== TASK BRIEF ==
Take every line of the material and reproduce it exactly.

+++++

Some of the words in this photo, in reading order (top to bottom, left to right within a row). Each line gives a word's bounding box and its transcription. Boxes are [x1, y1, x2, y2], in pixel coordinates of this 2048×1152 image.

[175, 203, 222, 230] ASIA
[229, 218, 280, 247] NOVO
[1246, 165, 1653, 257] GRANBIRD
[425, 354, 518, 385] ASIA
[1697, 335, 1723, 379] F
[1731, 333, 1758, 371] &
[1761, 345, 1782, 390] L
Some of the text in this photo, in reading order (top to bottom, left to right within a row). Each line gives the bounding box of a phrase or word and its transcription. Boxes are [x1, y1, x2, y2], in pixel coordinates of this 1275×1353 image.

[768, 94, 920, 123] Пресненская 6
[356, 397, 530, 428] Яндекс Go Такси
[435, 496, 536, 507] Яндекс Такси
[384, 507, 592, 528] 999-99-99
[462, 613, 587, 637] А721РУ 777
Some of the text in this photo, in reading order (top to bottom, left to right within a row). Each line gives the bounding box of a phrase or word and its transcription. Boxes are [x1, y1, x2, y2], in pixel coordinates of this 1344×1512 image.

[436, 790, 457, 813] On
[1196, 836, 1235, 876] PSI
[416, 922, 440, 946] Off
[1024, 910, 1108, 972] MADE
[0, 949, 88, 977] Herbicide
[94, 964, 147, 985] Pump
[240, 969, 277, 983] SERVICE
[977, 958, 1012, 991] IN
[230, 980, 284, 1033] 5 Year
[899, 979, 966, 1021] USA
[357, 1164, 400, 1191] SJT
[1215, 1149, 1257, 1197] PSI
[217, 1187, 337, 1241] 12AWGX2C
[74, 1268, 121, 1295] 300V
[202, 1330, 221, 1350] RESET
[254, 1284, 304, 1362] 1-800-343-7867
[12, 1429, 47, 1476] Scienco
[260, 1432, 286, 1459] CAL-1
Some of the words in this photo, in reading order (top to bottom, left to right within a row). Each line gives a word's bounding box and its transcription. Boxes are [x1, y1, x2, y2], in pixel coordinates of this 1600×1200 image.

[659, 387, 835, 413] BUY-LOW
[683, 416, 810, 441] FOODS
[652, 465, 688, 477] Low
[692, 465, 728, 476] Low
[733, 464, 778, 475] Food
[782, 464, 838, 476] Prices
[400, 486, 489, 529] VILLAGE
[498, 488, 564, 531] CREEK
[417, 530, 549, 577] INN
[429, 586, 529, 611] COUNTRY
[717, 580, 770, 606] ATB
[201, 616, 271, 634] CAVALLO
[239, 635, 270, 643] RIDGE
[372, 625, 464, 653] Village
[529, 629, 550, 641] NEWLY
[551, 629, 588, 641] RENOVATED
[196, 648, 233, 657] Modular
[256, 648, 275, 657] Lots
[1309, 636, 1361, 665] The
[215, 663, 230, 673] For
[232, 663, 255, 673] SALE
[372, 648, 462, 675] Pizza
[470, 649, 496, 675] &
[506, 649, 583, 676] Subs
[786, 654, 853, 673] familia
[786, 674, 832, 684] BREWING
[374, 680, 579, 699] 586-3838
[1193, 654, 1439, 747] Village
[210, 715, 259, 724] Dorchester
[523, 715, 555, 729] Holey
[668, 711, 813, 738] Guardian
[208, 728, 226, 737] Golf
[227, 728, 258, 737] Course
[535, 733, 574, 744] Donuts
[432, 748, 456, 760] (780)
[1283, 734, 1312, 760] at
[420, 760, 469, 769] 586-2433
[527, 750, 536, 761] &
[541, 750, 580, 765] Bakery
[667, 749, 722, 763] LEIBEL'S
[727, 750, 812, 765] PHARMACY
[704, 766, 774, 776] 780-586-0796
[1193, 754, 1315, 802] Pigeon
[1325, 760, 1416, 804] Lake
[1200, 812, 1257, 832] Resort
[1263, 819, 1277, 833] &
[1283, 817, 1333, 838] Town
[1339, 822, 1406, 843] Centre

+++++

== EXERCISE ANSWER ==
Some of the words in this photo, in reading order (top to bottom, left to right within a row). Each line gives a word's bounding box and its transcription. Boxes are [x1, y1, x2, y2], in pixel coordinates of this 2048×1152 image.

[175, 203, 222, 230] ASIA
[229, 218, 280, 247] NOVO
[1246, 165, 1653, 257] GRANBIRD
[425, 354, 518, 385] ASIA
[1697, 335, 1723, 379] F
[1731, 333, 1758, 371] &
[1761, 345, 1782, 390] L
Some of the text in this photo, in reading order (top to bottom, left to right within a row). Each line gives the bounding box of a phrase or word and its transcription. Boxes are [x1, y1, x2, y2], in pixel coordinates of this 1275×1353 image.

[768, 94, 920, 123] Пресненская 6
[356, 397, 530, 428] Яндекс Go Такси
[435, 496, 536, 507] Яндекс Такси
[384, 507, 592, 528] 999-99-99
[462, 613, 587, 637] А721РУ 777
Some of the text in this photo, in reading order (top to bottom, left to right within a row). Each line gives the bounding box of a phrase or word and its transcription. Boxes are [x1, y1, x2, y2], in pixel coordinates of this 1344×1512 image.

[436, 790, 457, 813] On
[1196, 836, 1235, 876] PSI
[416, 922, 440, 946] Off
[1024, 910, 1108, 972] MADE
[0, 949, 88, 977] Herbicide
[94, 964, 147, 985] Pump
[240, 969, 277, 983] SERVICE
[977, 958, 1012, 991] IN
[230, 980, 284, 1033] 5 Year
[899, 979, 966, 1021] USA
[357, 1164, 400, 1191] SJT
[1215, 1149, 1257, 1197] PSI
[217, 1187, 337, 1241] 12AWGX2C
[74, 1268, 121, 1295] 300V
[202, 1330, 221, 1350] RESET
[254, 1284, 304, 1362] 1-800-343-7867
[12, 1429, 47, 1476] Scienco
[260, 1432, 286, 1459] CAL-1
Some of the words in this photo, in reading order (top to bottom, left to right within a row). Each line gives a word's bounding box and its transcription. Boxes are [x1, y1, x2, y2], in pixel coordinates of this 1600×1200 image.

[659, 387, 835, 413] BUY-LOW
[683, 416, 810, 441] FOODS
[652, 465, 688, 477] Low
[692, 465, 728, 476] Low
[733, 464, 778, 475] Food
[782, 464, 838, 476] Prices
[400, 486, 489, 529] VILLAGE
[498, 488, 564, 531] CREEK
[417, 530, 549, 577] INN
[429, 586, 529, 611] COUNTRY
[717, 580, 770, 606] ATB
[201, 616, 271, 634] CAVALLO
[239, 635, 270, 643] RIDGE
[372, 625, 464, 653] Village
[529, 629, 550, 641] NEWLY
[551, 629, 588, 641] RENOVATED
[196, 648, 233, 657] Modular
[256, 648, 275, 657] Lots
[1309, 636, 1361, 665] The
[215, 663, 230, 673] For
[232, 663, 255, 673] SALE
[372, 648, 462, 675] Pizza
[470, 649, 496, 675] &
[506, 649, 583, 676] Subs
[786, 654, 853, 673] familia
[786, 674, 832, 684] BREWING
[374, 680, 579, 699] 586-3838
[1193, 654, 1439, 747] Village
[210, 715, 259, 724] Dorchester
[523, 715, 555, 729] Holey
[668, 711, 813, 738] Guardian
[208, 728, 226, 737] Golf
[227, 728, 258, 737] Course
[535, 733, 574, 744] Donuts
[432, 748, 456, 760] (780)
[1283, 734, 1312, 760] at
[420, 760, 469, 769] 586-2433
[527, 750, 536, 761] &
[541, 750, 580, 765] Bakery
[667, 749, 722, 763] LEIBEL'S
[727, 750, 812, 765] PHARMACY
[704, 766, 774, 776] 780-586-0796
[1193, 754, 1315, 802] Pigeon
[1325, 760, 1416, 804] Lake
[1200, 812, 1257, 832] Resort
[1263, 819, 1277, 833] &
[1283, 817, 1333, 838] Town
[1339, 822, 1406, 843] Centre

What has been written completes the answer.